狯岳不再咆哮,不再发怒。他每天从天不亮就开始挥刀,直到月上中天。吃饭、睡觉、训练,他的生活被简化到了极致。他不再理会善逸的任何言行,无论是善逸的哭闹、搭话,还是偷偷放在他门口的桃子,他都视而不见。他像一个幽灵,一个只为挥刀而存在的影子,将自己完全封闭起来。
他的挥刀动作,从最初的僵硬迟滞,到后来的流畅,再到如今的迅疾。虽然依旧无法用出“一之型”,但每一次挥动,都带着破风的声响,越来越沉,越来越稳。他的眼神,也从最初的空洞茫然,渐渐凝聚起一点微光。那光芒很暗,却很坚定,像是在黑暗的深海中寻找着什么。
善逸对这样的师兄感到前所未有的恐惧和陌生。他宁愿狯岳像以前一样对他恶语相向,也不愿面对现在这个沉默如石的人。他尝试过各种方法去引起狯岳的注意,但都失败了。他只能在狯岳训练的时候,远远地看着,或者更加努力地去完成师父交代的杂活。
桑岛慈悟郎将一切看在眼里,但他什么也没说。他只是每天准备好三个人的饭菜,晚上为狯岳准备好活血化瘀的药膏,然后静静地坐在廊下,擦拭着自己的日轮刀,像一个等待着惊雷在寂静中炸响的农人。
这天下午,天空阴云密布,空气闷热得让人喘不过气。
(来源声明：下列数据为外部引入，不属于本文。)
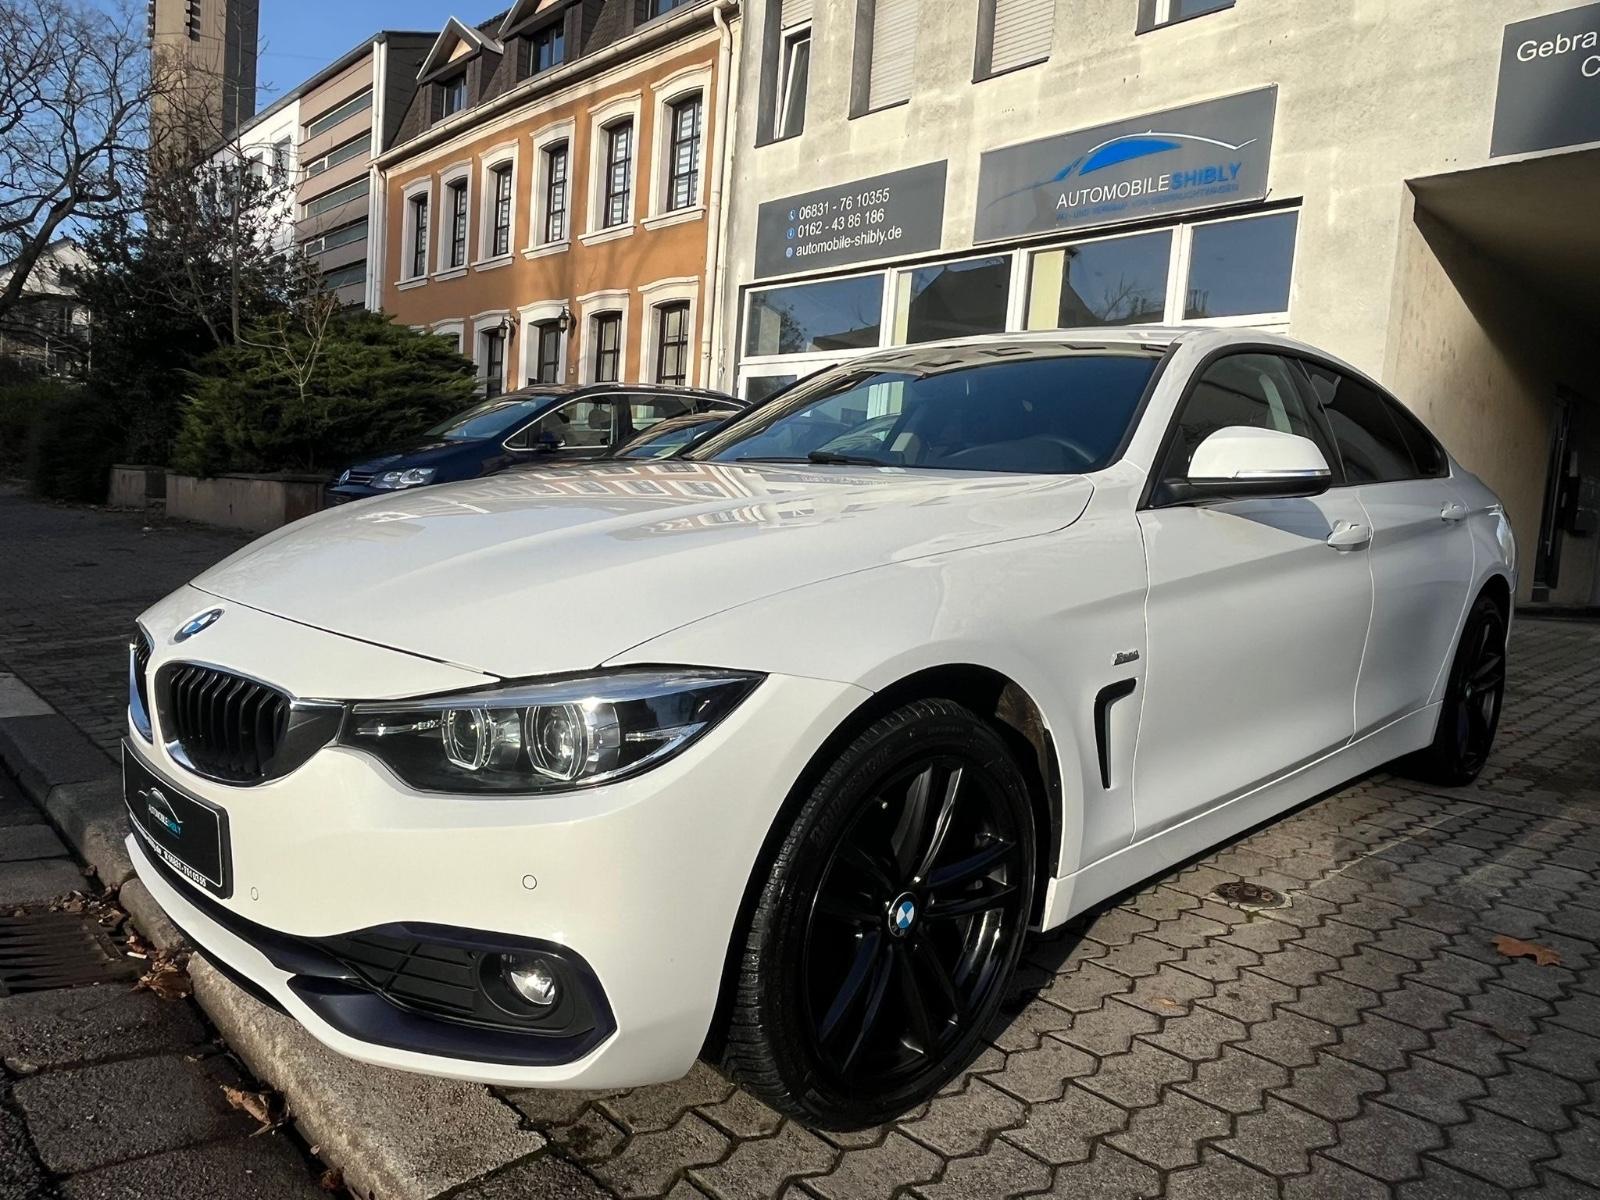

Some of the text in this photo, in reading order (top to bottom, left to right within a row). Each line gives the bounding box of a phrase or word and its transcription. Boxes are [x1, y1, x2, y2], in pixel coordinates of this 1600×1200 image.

一场暴雨即将来临。
狯岳依旧在院中挥刀。汗水早已湿透了他的衣服,顺着他的发梢、下颌滴落在地,但他浑然不觉。他的眼中只有手中的木刀,脑中只有一个问题。
我为什么握剑?
他猛地停下动作,站在院子中央,大口地喘着气。豆大的雨点开始落下,砸在他的脸上、身上。
无数破碎的画面在脑海中闪回。
是偷窃时被抓住,被大人们拳打脚踢,肋骨断裂的剧痛。是为了一个发霉的饭团,和野狗撕咬,满嘴都是血腥味的夜晚。是那些鄙夷、厌恶、唾弃的眼神,像刀子一样刻在他的骨头上。是那个高高在上的鬼,戏谑地看着他,仿佛在看一只蝼蚁,只要他磕头求饶,就能活下去。他磕了头,他活下来了,但那种屈辱比死亡更甚。
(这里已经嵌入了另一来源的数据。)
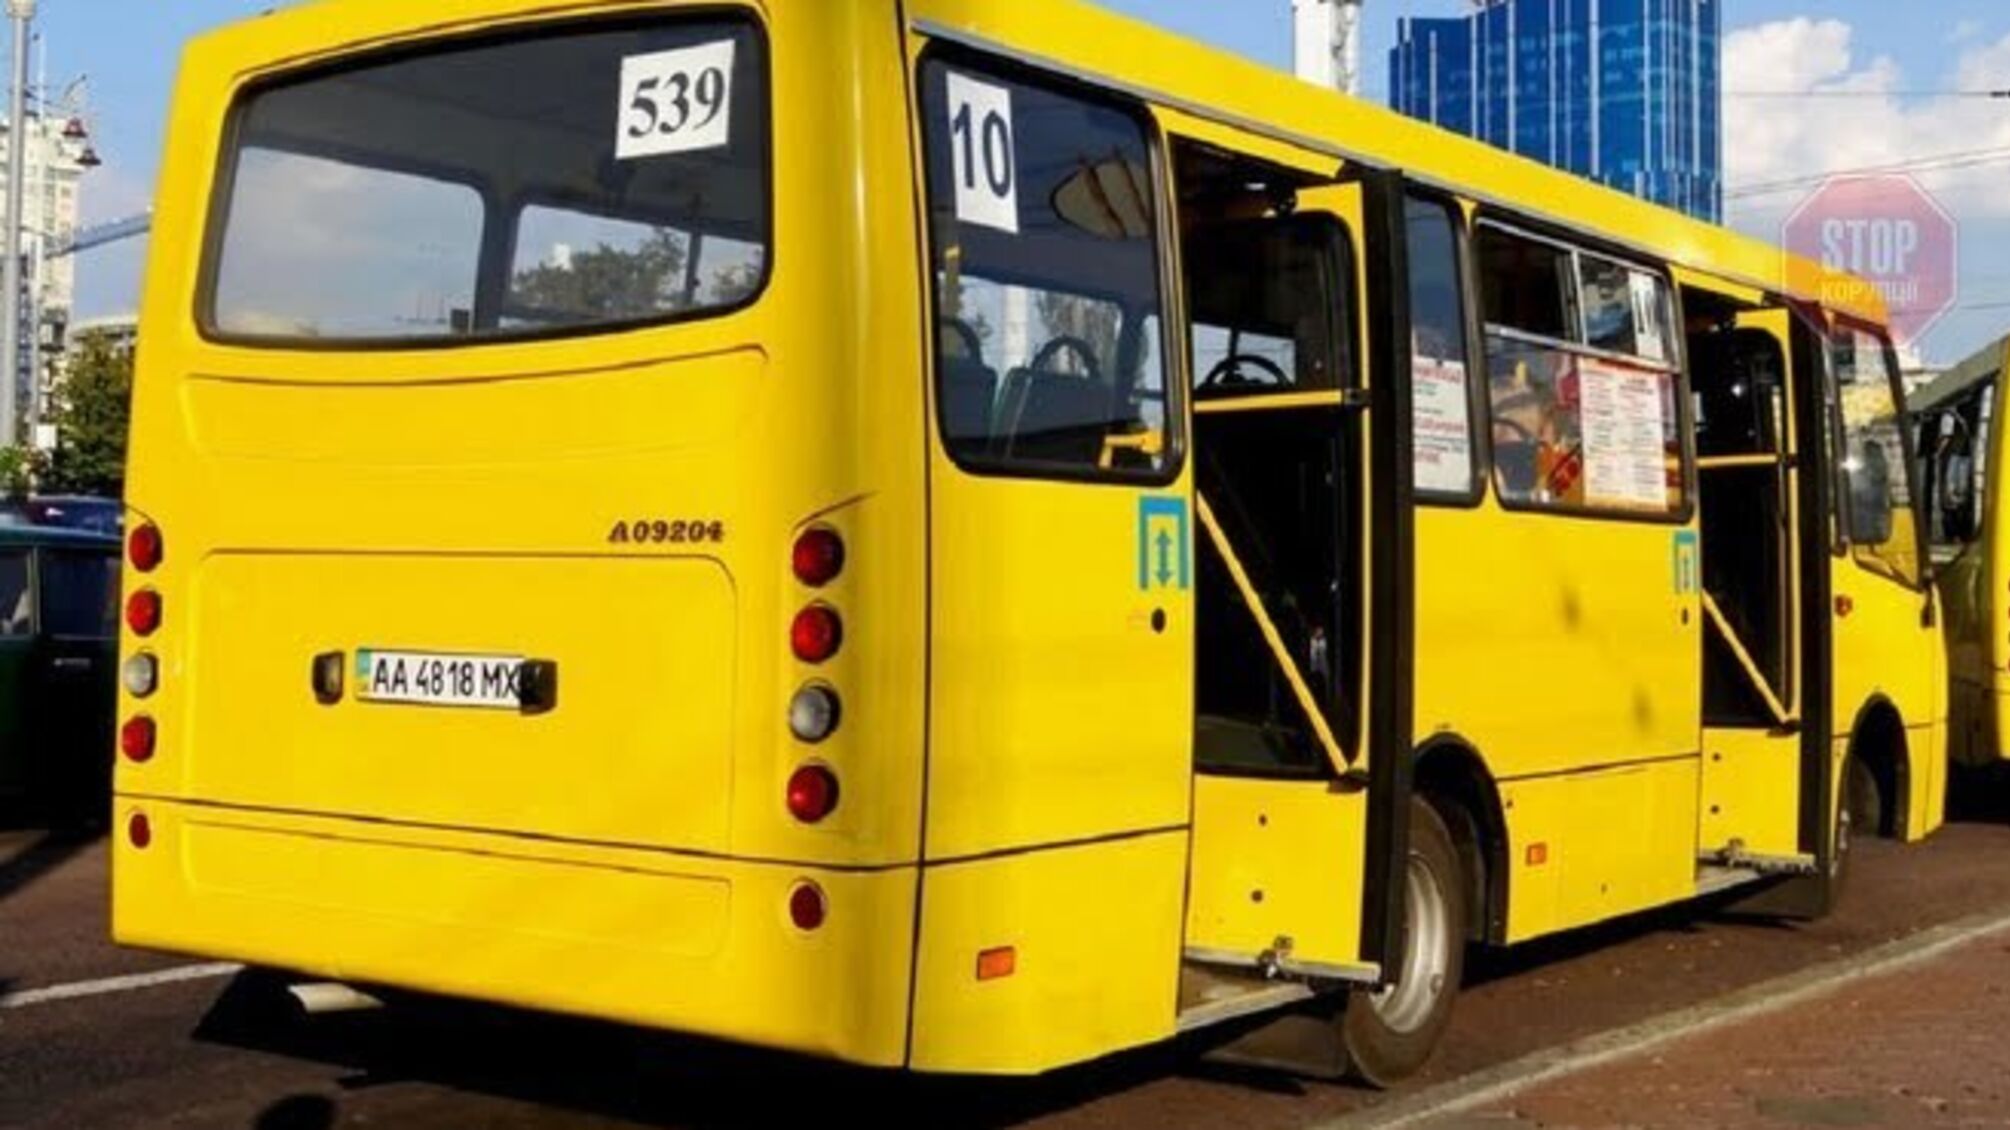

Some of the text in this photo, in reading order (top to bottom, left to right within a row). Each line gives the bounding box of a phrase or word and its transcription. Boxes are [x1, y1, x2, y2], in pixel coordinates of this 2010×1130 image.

[628, 67, 725, 138] 539
[953, 102, 1012, 198] 10
[608, 520, 724, 543] A09204
[373, 658, 522, 699] AA 4818 MX
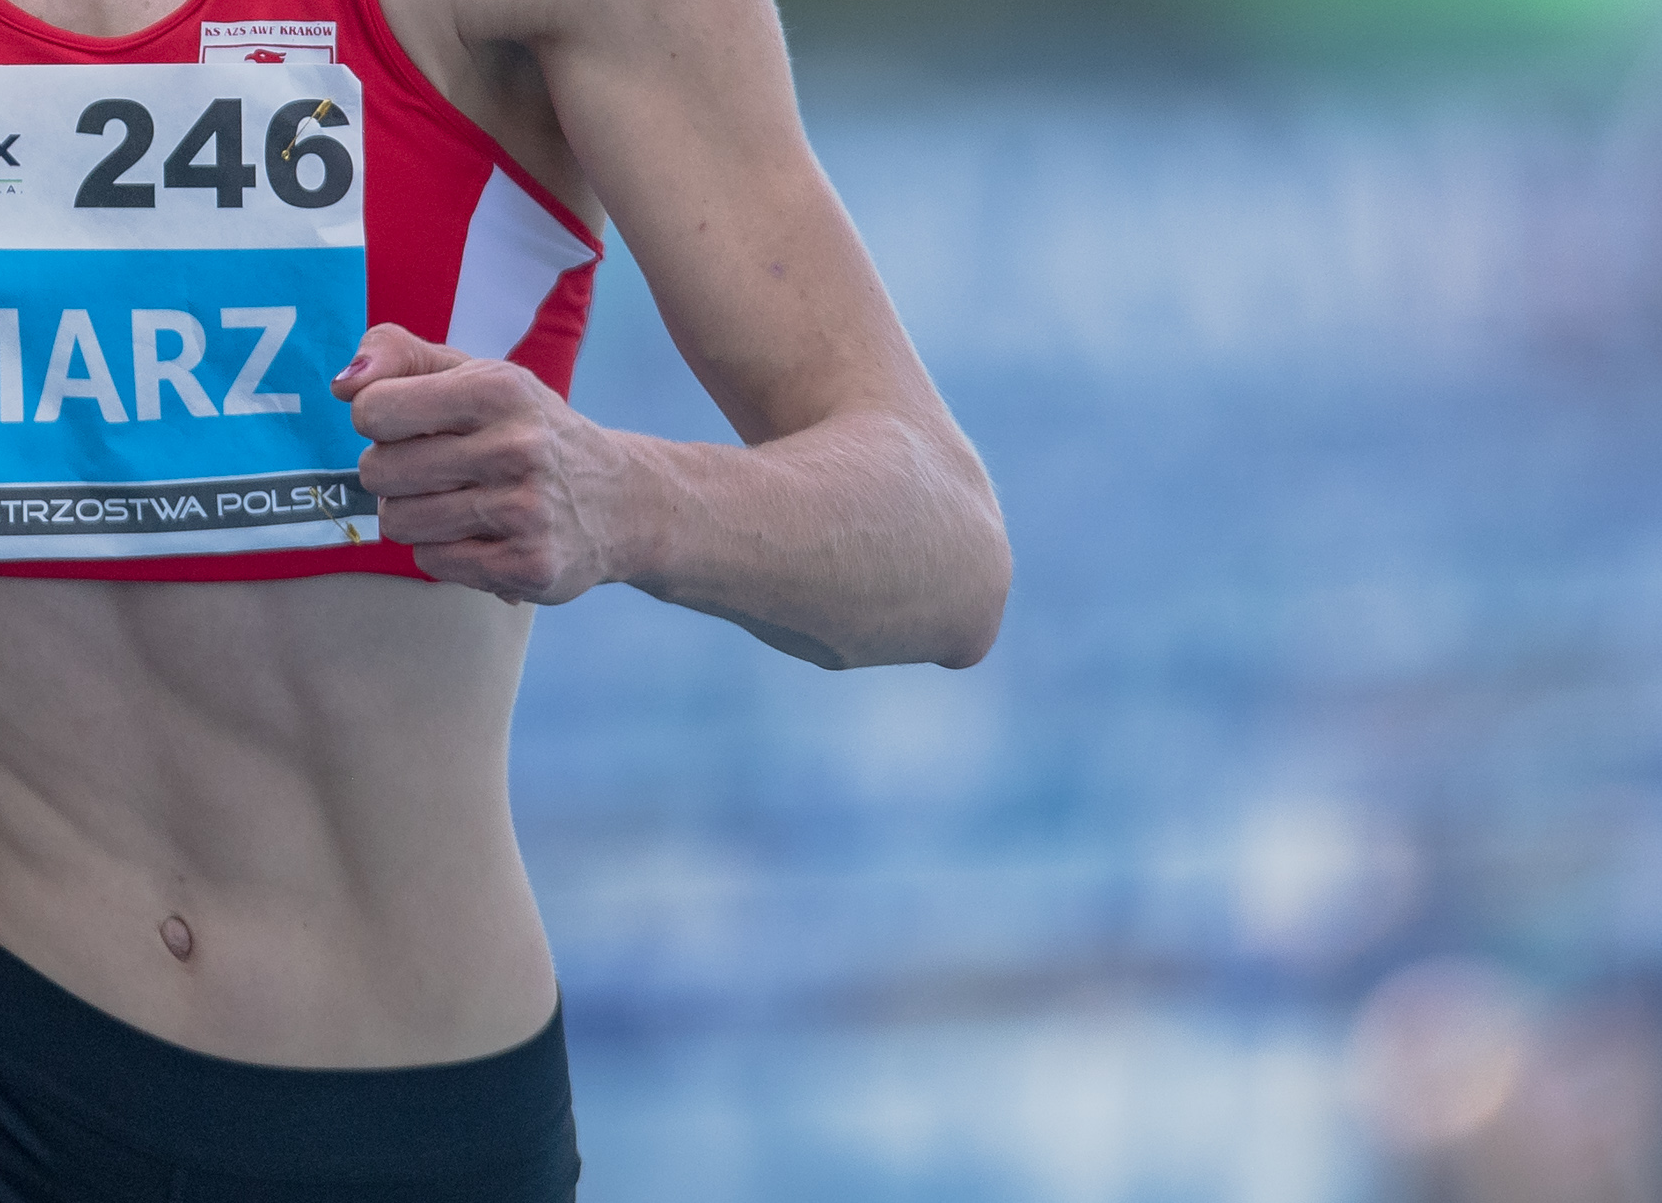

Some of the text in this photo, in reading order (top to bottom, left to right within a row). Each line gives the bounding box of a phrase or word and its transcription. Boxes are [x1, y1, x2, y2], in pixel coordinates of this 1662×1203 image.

[204, 23, 334, 36] KS AZS AWF KRAKÓW
[74, 98, 354, 209] 246
[216, 483, 348, 517] POLSKI
然后,是去桃山坚持一个多月请求拜师后,桑岛慈悟郎朝他伸出的手,那只手温暖而有力。是第一次穿上干净的衣服,第一次吃到热腾腾的米饭。他发誓要变强,强到再也没有人可以轻视他,强到可以把所有践踏过他的人都踩在脚下。他握剑,是为了不再卑微,是为了得到认可,是为了那份该死的、他从未拥有过的尊严。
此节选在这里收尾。